As Beijing scrambles to make up for the lost domestic supply with imports, even desperately waiving tariffs on American pork products in what China's politicians tried to sell to their population (and Washington) as a "gesture of goodwill", farmers in southern China have raised a pig that's as heavy as a polar bear.


Once slaughtered, these giant mutant pigs can fetch a, well, giant price on the market. Here's more from Bloomberg:

The 500 kilogram, or 1,102 pound, animal is part of a herd that’s being bred to become giant swine. At slaughter, some of the pigs can sell for more than 10,000 yuan ($1,399), over three times higher than the average monthly disposable income in Nanning, the capital of Guangxi province where Pang Cong, the farm’s owner, lives.​
Soaring pork prices have encouraged small and large farms to experiment with DIY genetic experimentation, in the name of raising pigs that are about 40% heavier than the 'normal' weight of 125 kilos.

High pork prices in the northeastern province of Jilin is prompting farmers to raise pigs to reach an average weight of 175 kilograms to 200 kilograms, higher than the normal weight of 125 kilograms. They want to raise them "as big as possible," said Zhao Hailin, a hog farmer in the region.​
On some large farms, the average weight of pigs at the time of slaughter has climbed from 125 kgs (275 pounds) to 140 kgs (about 310 pounds). Some are pushing to boost weight by another 14% or more.

The trend isn’t limited to small farms either. Major protein producers in China, including Wens Foodstuffs Group Co, the country’s top pig breeder, Cofco Meat Holdings Ltd. and Beijing Dabeinong Technology Group Co. say they are trying to increase the average weight of their pigs. Big farms are focusing on boosting the heft by at least 14%, said Lin Guofa, a senior analyst with consulting firm Bric Agriculture Group.​
But Beijing is understandably pleased by these developments which have boosted farmers' profits by more than 30%: It has been pushing farmers to boost production to compensate for as much of the shortfall as possible to help combat inflation in the coming years.

As we noted last week, the pork crisis has already cost the Chinese economy some $140 billion at a time when it's already grappling with slowing growth.

Senior Chinese officials have already warned that the pork supply situation is "extremely severe" and will likely remain that way at least through the first half of next year.

Chinese Vice Premier Hu Chunhua warned that the supply situation will be "extremely severe" through to the first half of 2020. China will face a pork shortage of 10 million tons this year, more than what’s available in global trade, meaning it needs to increase production domestically, he said.​
Others are worried that the aftershock of the crisis will last for much longer: "It may be at least 10 years before we get back to the levels of production that we saw coming into this,” said Rabobank senior protein analyst Christine McCracken. “We’re looking at a very long tail on this, that should lead to a lot of incremental demand for U.S. protein going forward.”

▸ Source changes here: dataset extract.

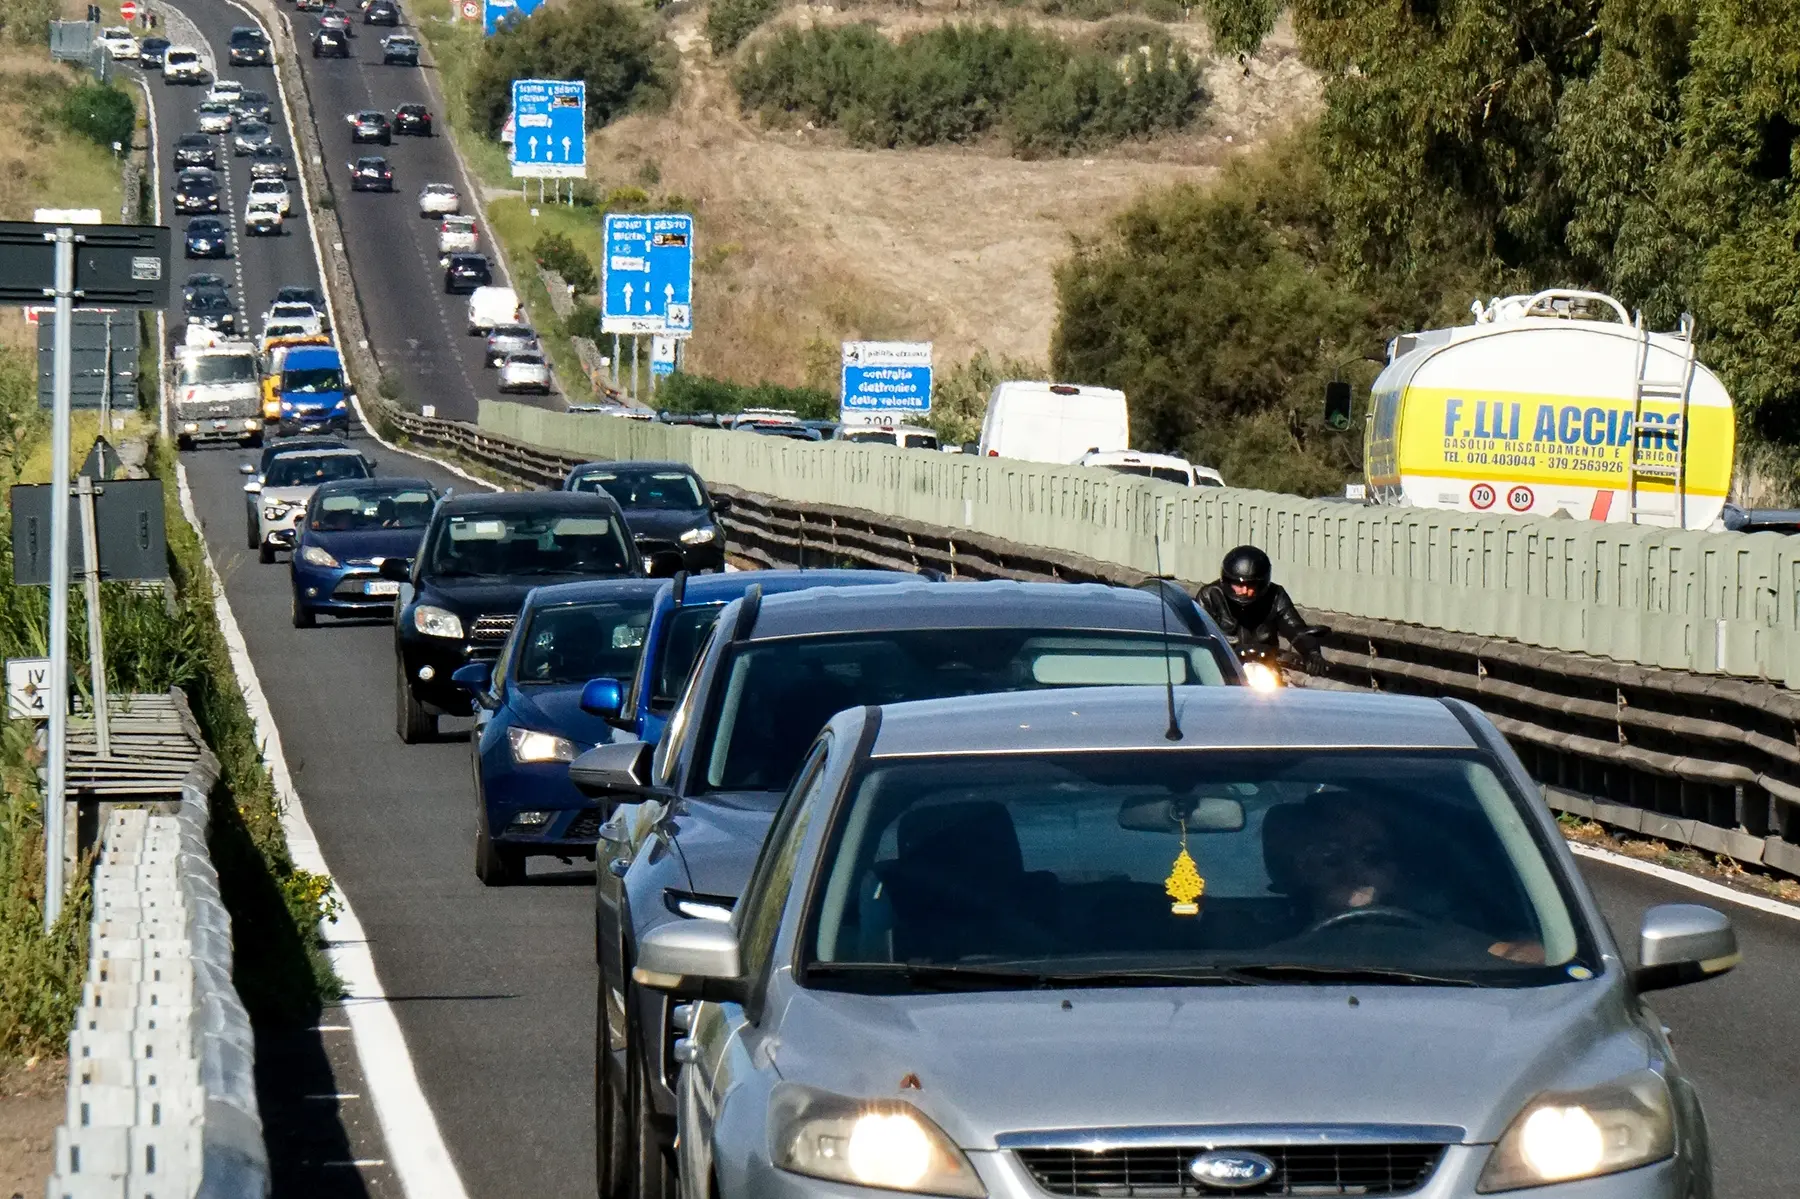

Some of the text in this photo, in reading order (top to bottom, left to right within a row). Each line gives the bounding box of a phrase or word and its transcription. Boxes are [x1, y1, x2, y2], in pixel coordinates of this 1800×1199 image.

Indeed, US food producers couldn't be more happy by the crisis hitting China's pork production. Commenting on the state of the pork market, this is what Tyson Food said in its latest earning call:

In our last quarterly call, I talked about the inventories in China being fairly high at that point in time. We do believe that those inventories have come down substantially. We are seeing the price of pork rise pretty significantly, most recently in China as well as poultry and other protein prices. So no surprises on that front. I think the impact will be sometime during our fiscal 2020.... anytime that there is that amount of protein that is lost from a global perspective, there is going to be an impact on price. And whether the United States is a direct supplier to China or whether they source from other countries to the extent that they can, it might be from continents in Europe, it might be South America, it might be in other countries. But that creates backfill opportunities for us. So net disappearance is going to remain the same I think on a global basis. Supply is lower which translates to higher prices. Not only in pork, but I think across the board in our other proteins.
To offset the collapse in China's pork supply, officials have not only ordered an emergency release from China's strategic pork supply, but have ordered farmers to resume pig breeding and birthing as soon as possible even though many farmers are still wary about the outbreak, worried that they could lose their entire investment if they start too soon and the virus is still present. Plus, the spread of 'pig ebola' has left prices of piglets and breeding sows at record highs, making it more expensive than ever for farmers to restock.
All of this points to raising larger, super-mutant pigs as a possible solution to mitigate risks and boost returns.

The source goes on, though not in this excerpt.